» PROBLEM REQUIREMENTS
Your copy should match the entries exactly, except that it holds no pictures.

» RECORDS SUPPLIED

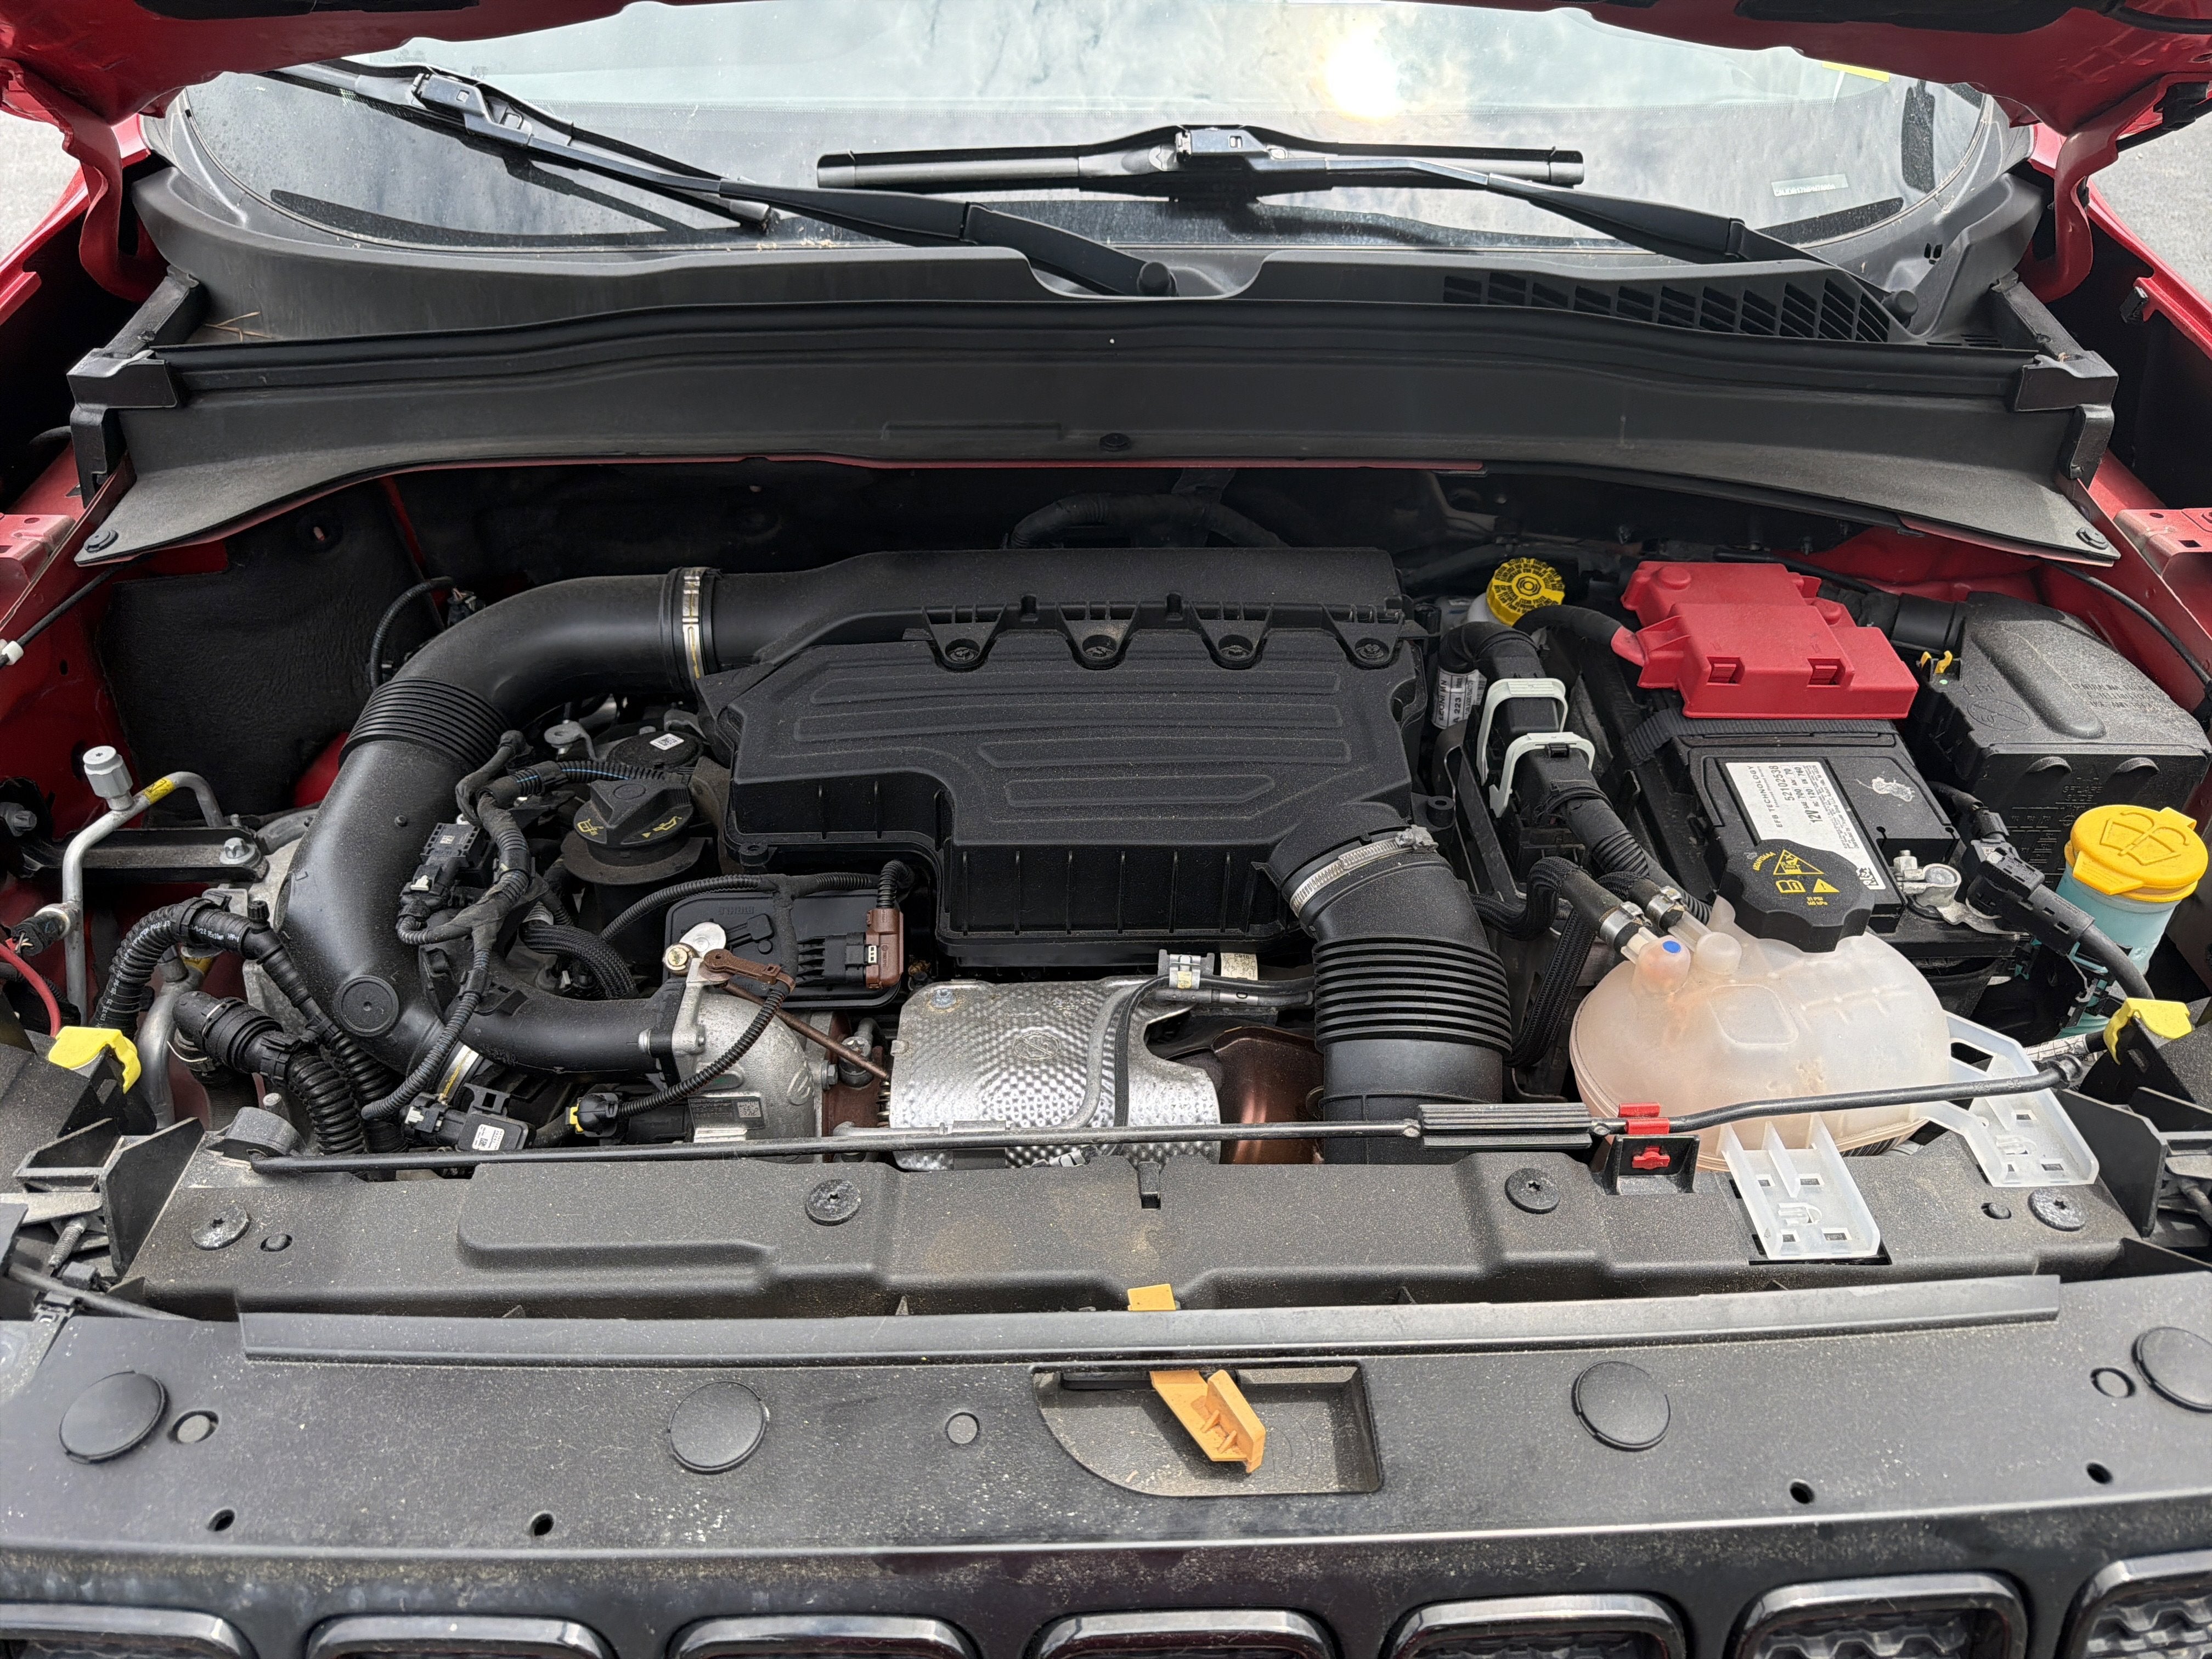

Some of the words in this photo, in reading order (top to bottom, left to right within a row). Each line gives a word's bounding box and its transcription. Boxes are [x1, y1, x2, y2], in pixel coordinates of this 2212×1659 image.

[1794, 766, 1805, 777] 760
[1747, 765, 1775, 812] TECHNOLOGY
[1768, 765, 1795, 801] 52102538
[1795, 788, 1805, 799] 700
[1805, 788, 1816, 799] 120
[1772, 814, 1783, 828] EFB
[1804, 810, 1824, 823] 12V
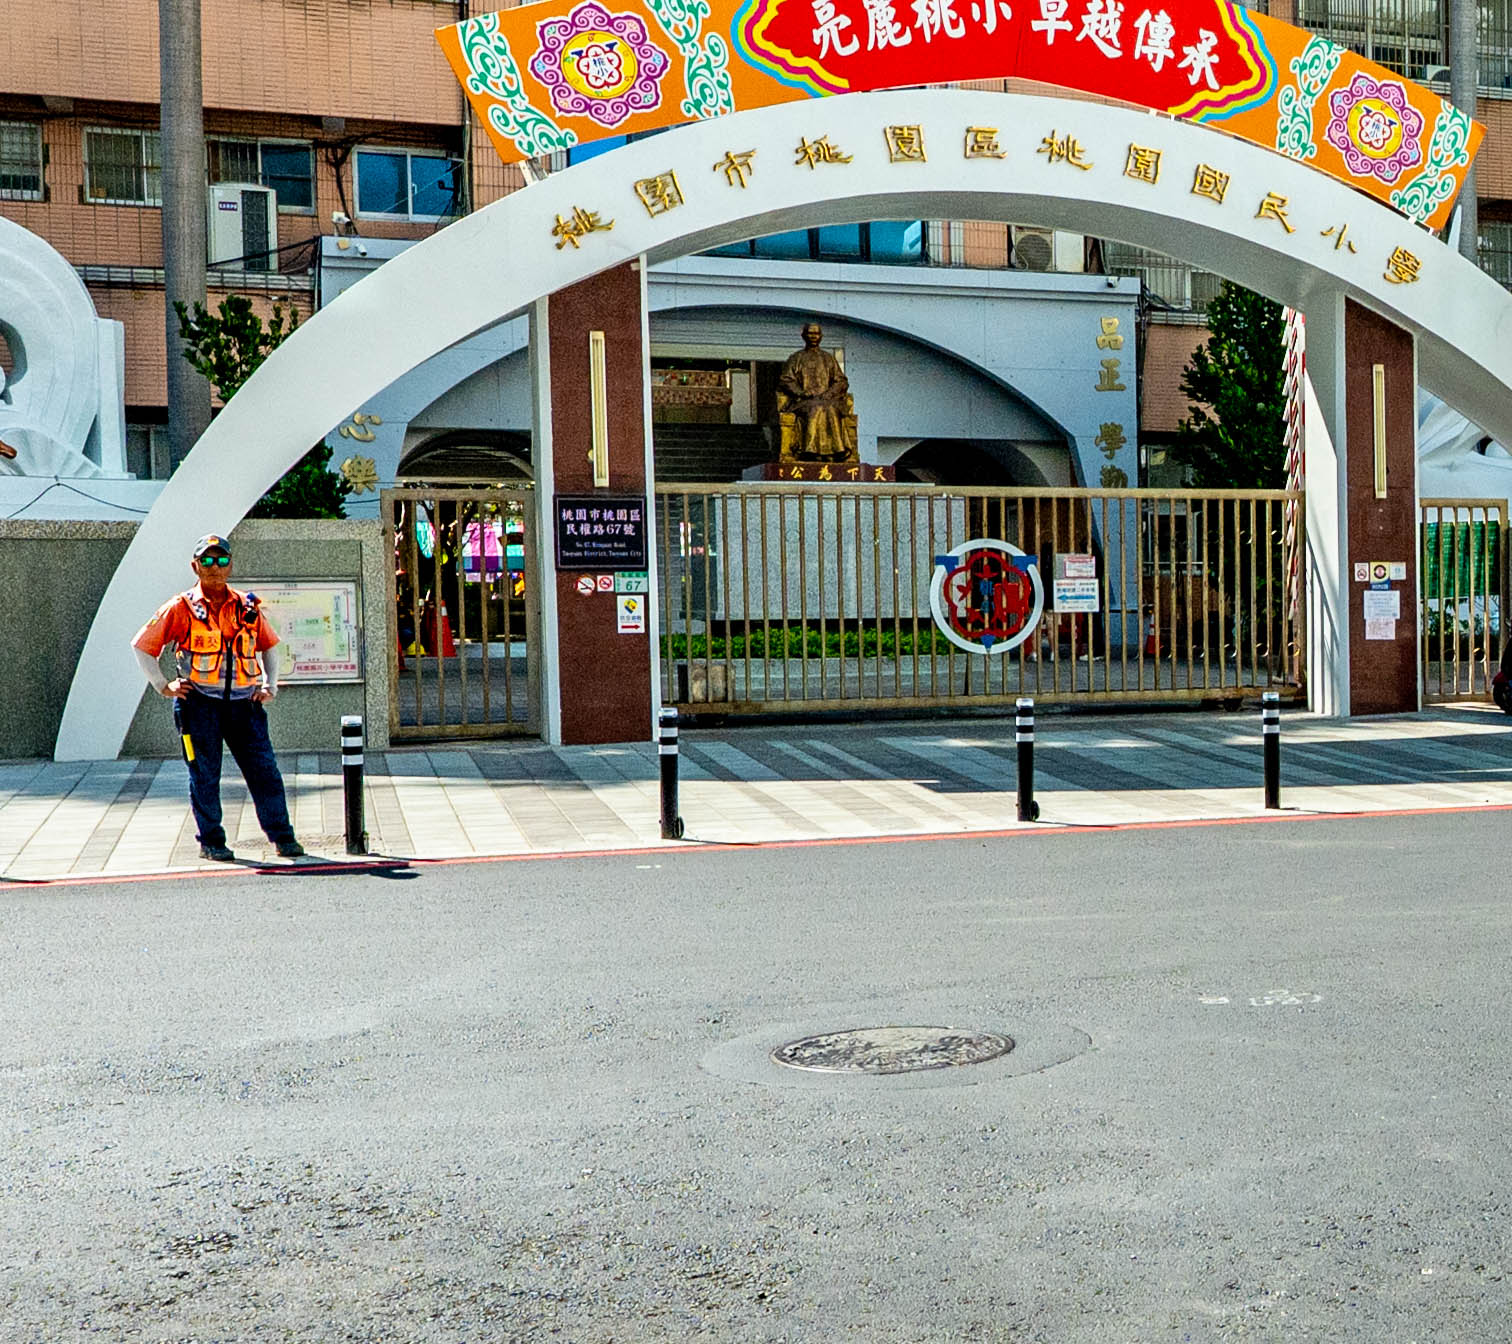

» OUTPUT BELOW
Some of the words in this photo, in reading order (top to bottom, left to right within a row). Each line gives a word's bounding box and its transcription. Boxes are [x1, y1, x2, y2], in pixel coordinates of this 2212×1659 image.

[1794, 766, 1805, 777] 760
[1747, 765, 1775, 812] TECHNOLOGY
[1768, 765, 1795, 801] 52102538
[1795, 788, 1805, 799] 700
[1805, 788, 1816, 799] 120
[1772, 814, 1783, 828] EFB
[1804, 810, 1824, 823] 12V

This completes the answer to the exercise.